When they had been well initiated into the life and customs of Vhlorrh, the Hyperboreans were privileged to see the future national mother, called the Djhenquomh, who had now attained the requisite proportions after years of scientific nourishment. She lived in an edifice that was necessarily larger than any of the other buildings in Vhlorrh; and her sole activity was the consumption of immense quantities of food. The sorcerer and the inquisitor were impressed, even if not captivated, by the mountainous amplitude of her charms and by their highly novel arrangement. They were told that the male parent (or parents) of the forthcoming generation had not yet been selected.

 

The possession of separate heads by the Hyperboreans seemed to lend them a remarkable biologic interest in the eyes of their hosts. The Bhlemphroims, it was learned, had not always been headless but had reached their present physical conformation through a slow process of evolution, in which the head of the archetypal Bhlemphroim had been merged by imperceptible degrees with the torso.

 

But, unlike most peoples, they did not regard their current stage of development with unqualified complacency. Indeed, their headlessness was a source of national regret; they deplored the retrenchment of nature in this regard; and the arrival of Eibon and Morghi, who were looked upon as ideal exemplars of cephalic evolution, had served to quicken their eugenic sorrow.

 

The sorcerer and the inquisitor, on their part, found life rather dull among the Bhlemphroims after the first feeling of exoticism had worn off. The diet was tiresome for one thing — an endless succession of raw and boiled and roasted mushrooms, varied at rare intervals by the coarse and flabby meat of tame monsters. And this people, though they were always polite and respectful, did not seem to be greatly awed by the exhibitions of Hyperborean magic with which Eibon and Morghi favored them; and their lamentable want of religious ardor made all evangelistic endeavor a thankless task. And, being fundamentally unimaginative, they were not even duly impressed by the fact that their visitors had come from a remote ultra-Cykranoshian world.

 

"I feel," said Eibon to Morghi one day, "that the god was sadly mistaken in deigning to send this people a message of any sort."

 

It was very soon after this that a large committee of the Blemphroims waited upon Eibon and Morghi and informed them that after long consideration they had been selected as the fathers of the next generation and were to be married forthwith to the tribal mother in the hope that a well-headed race of Bhlemphroims would result from the union.

 

Eibon and Morghi were quite overcome by the proposed eugenic honor.
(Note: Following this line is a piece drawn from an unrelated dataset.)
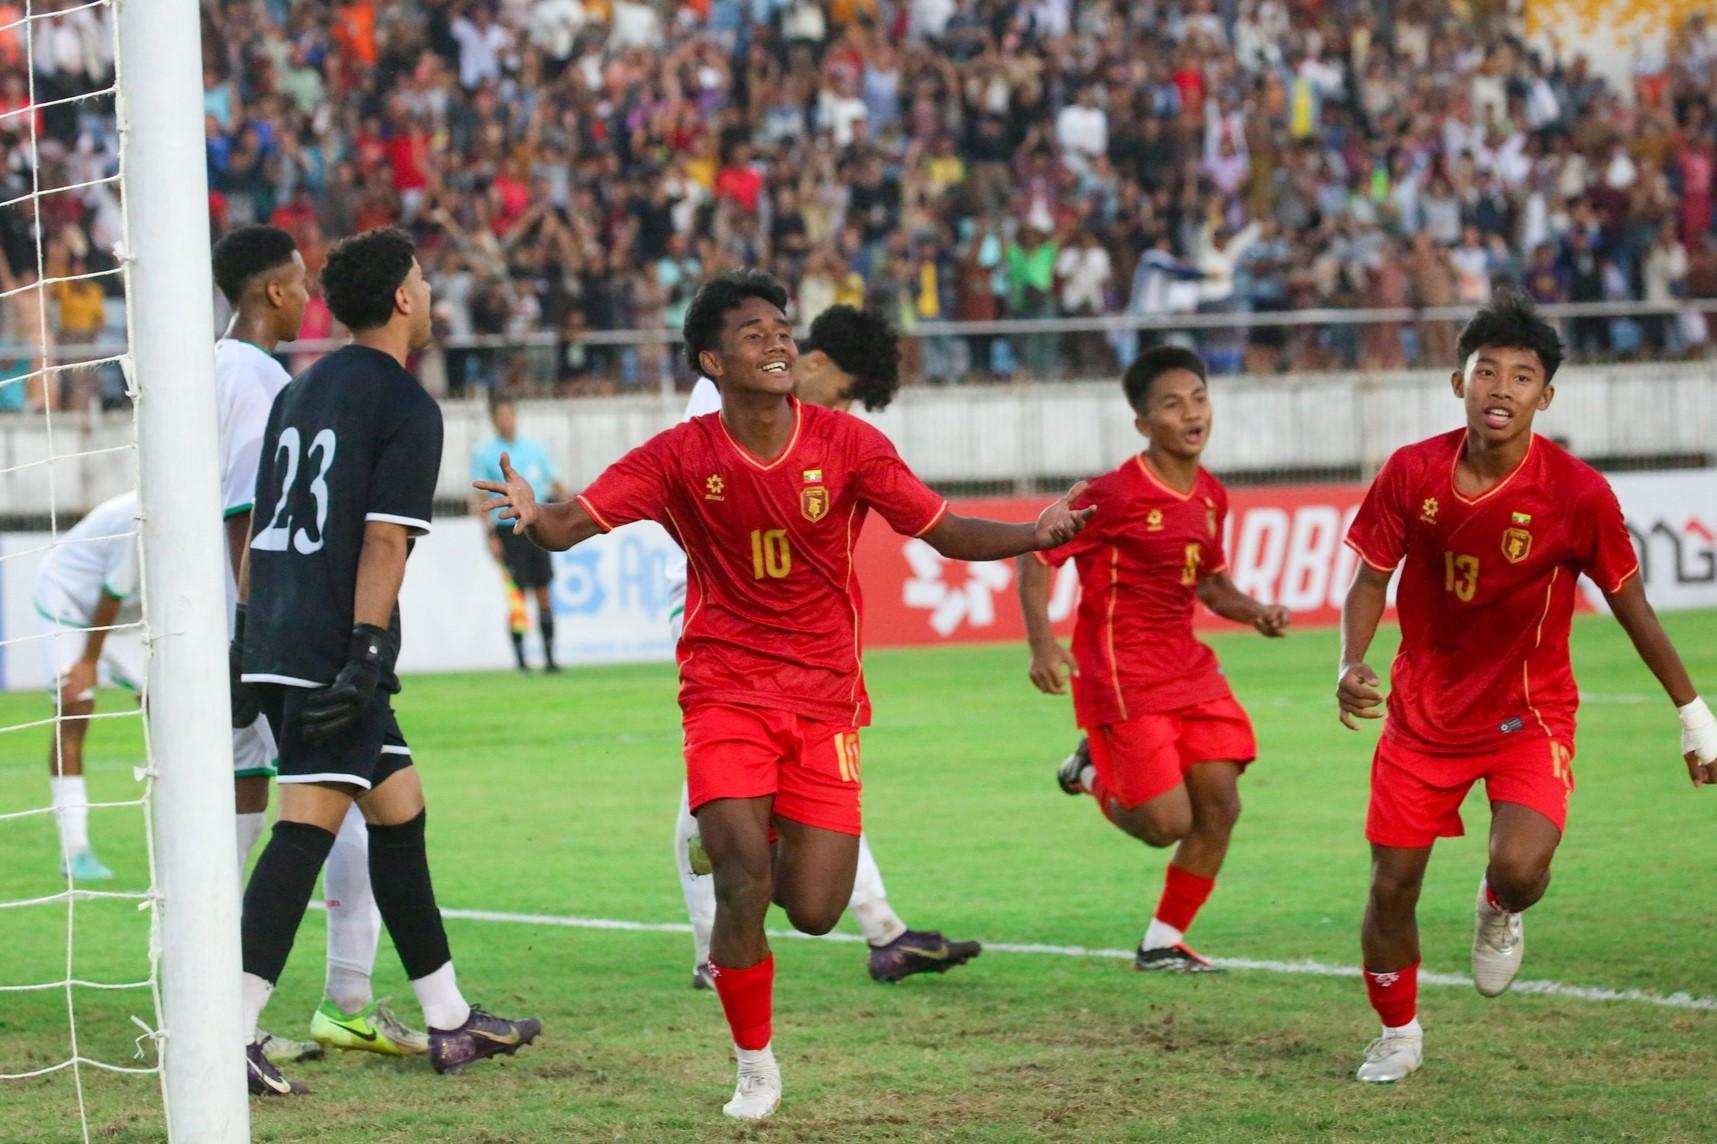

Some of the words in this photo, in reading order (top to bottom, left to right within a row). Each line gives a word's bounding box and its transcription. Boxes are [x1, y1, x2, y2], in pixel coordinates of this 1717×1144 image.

[250, 426, 336, 555] 23
[750, 528, 792, 580] 10
[1444, 550, 1480, 602] 13
Thinking of the mountainous female they had seen, Morghi was prone to remernber his sacerdotal vows of celibacy and Eibon was eager to take similar vows upon himself without delay. The inquisitor, indeed, was so overwhelmed as to be rendered almost speechless; but, with rare presence of mind, the sorcerer temporized by making a few queries anent the legal and social status which would be enjoyed by Morghi and himself as the husbands of the Djhenquomh. And the naive Blemphroims told him that this would be a matter of brief concern; that after completing their marital duties the husbands were always served to the national mother in the form of ragouts and other culinary preparations.